Work request →
Images excluded, repeat each entry below exactly.

Information shown →

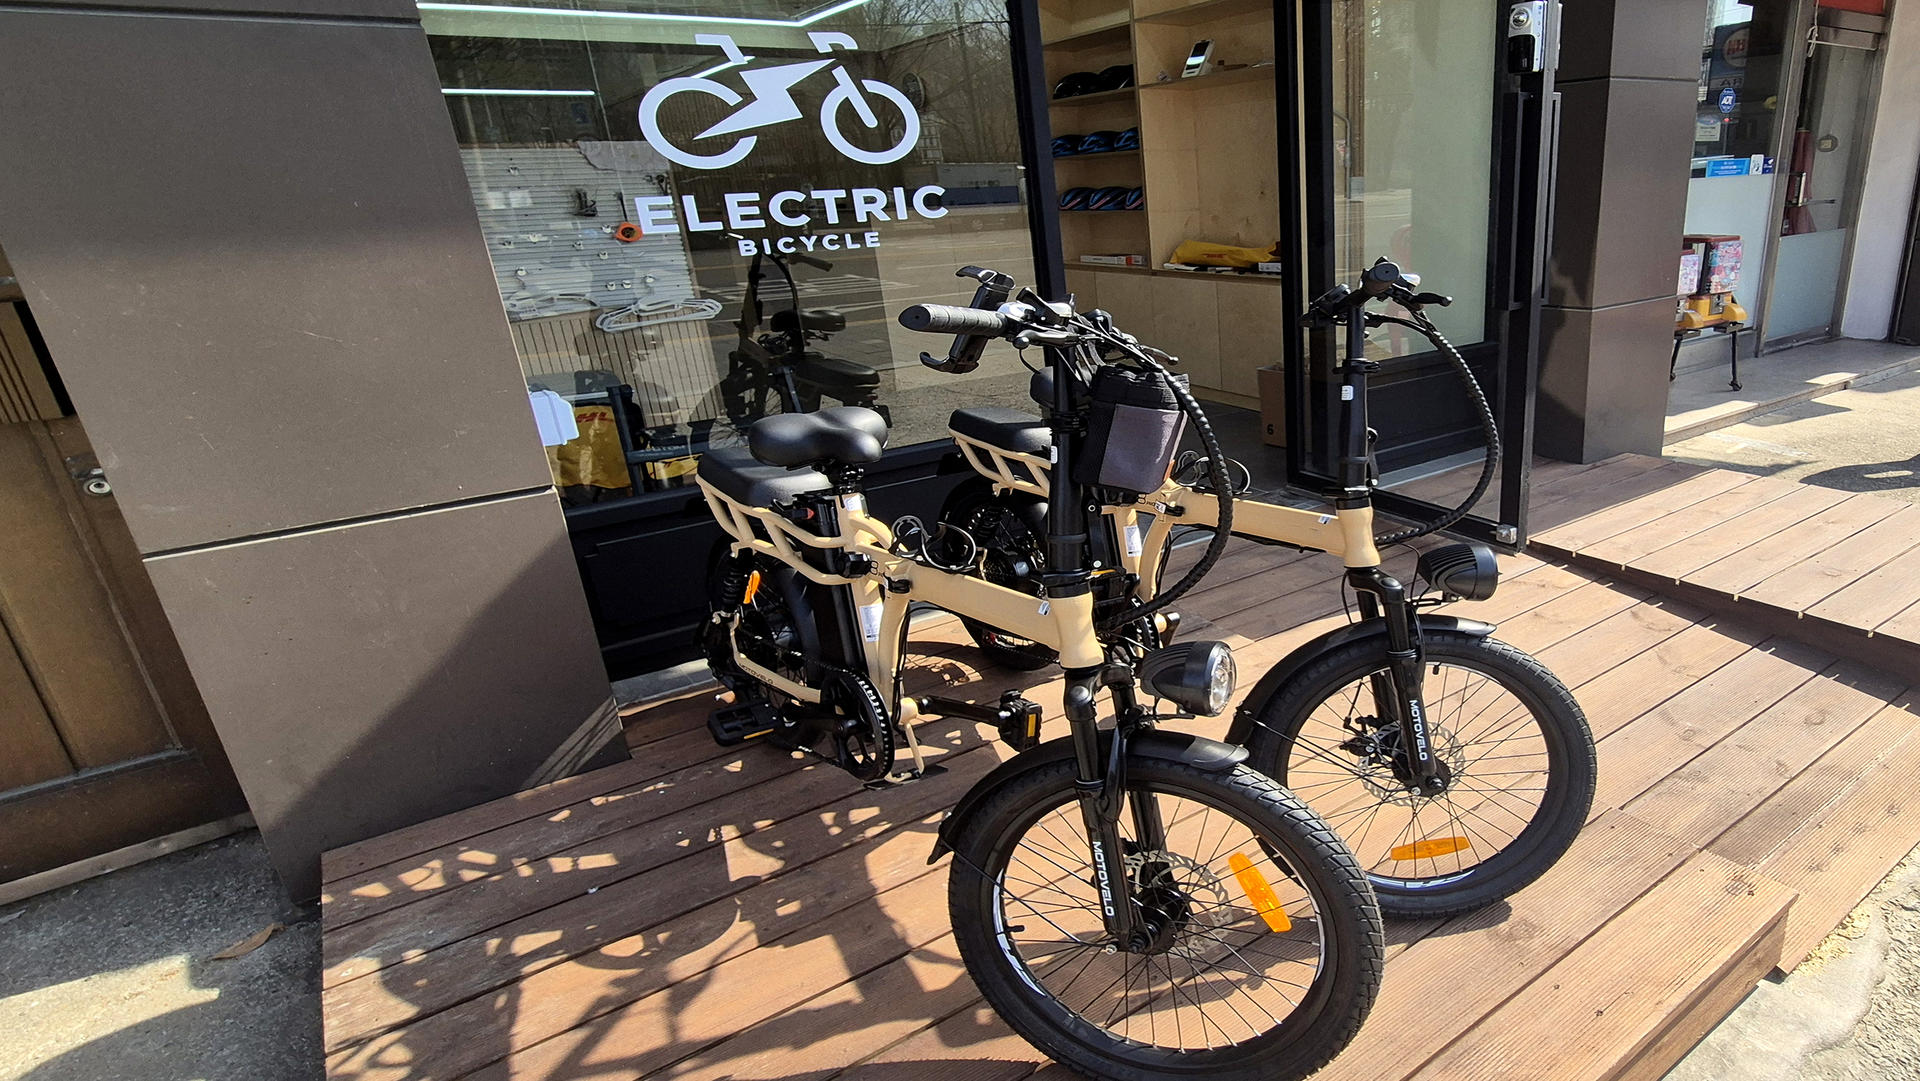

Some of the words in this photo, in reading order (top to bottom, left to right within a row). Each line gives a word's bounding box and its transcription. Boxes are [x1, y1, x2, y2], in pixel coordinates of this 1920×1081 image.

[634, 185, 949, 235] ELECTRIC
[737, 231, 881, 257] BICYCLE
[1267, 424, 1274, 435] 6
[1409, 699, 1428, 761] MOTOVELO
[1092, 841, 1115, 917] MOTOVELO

Exercise result →
Some of the words in this photo, in reading order (top to bottom, left to right within a row). Each line gives a word's bounding box and its transcription. Boxes are [x1, y1, x2, y2], in pixel coordinates of this 1920×1081 image.

[634, 185, 949, 235] ELECTRIC
[737, 231, 881, 257] BICYCLE
[1267, 424, 1274, 435] 6
[1409, 699, 1428, 761] MOTOVELO
[1092, 841, 1115, 917] MOTOVELO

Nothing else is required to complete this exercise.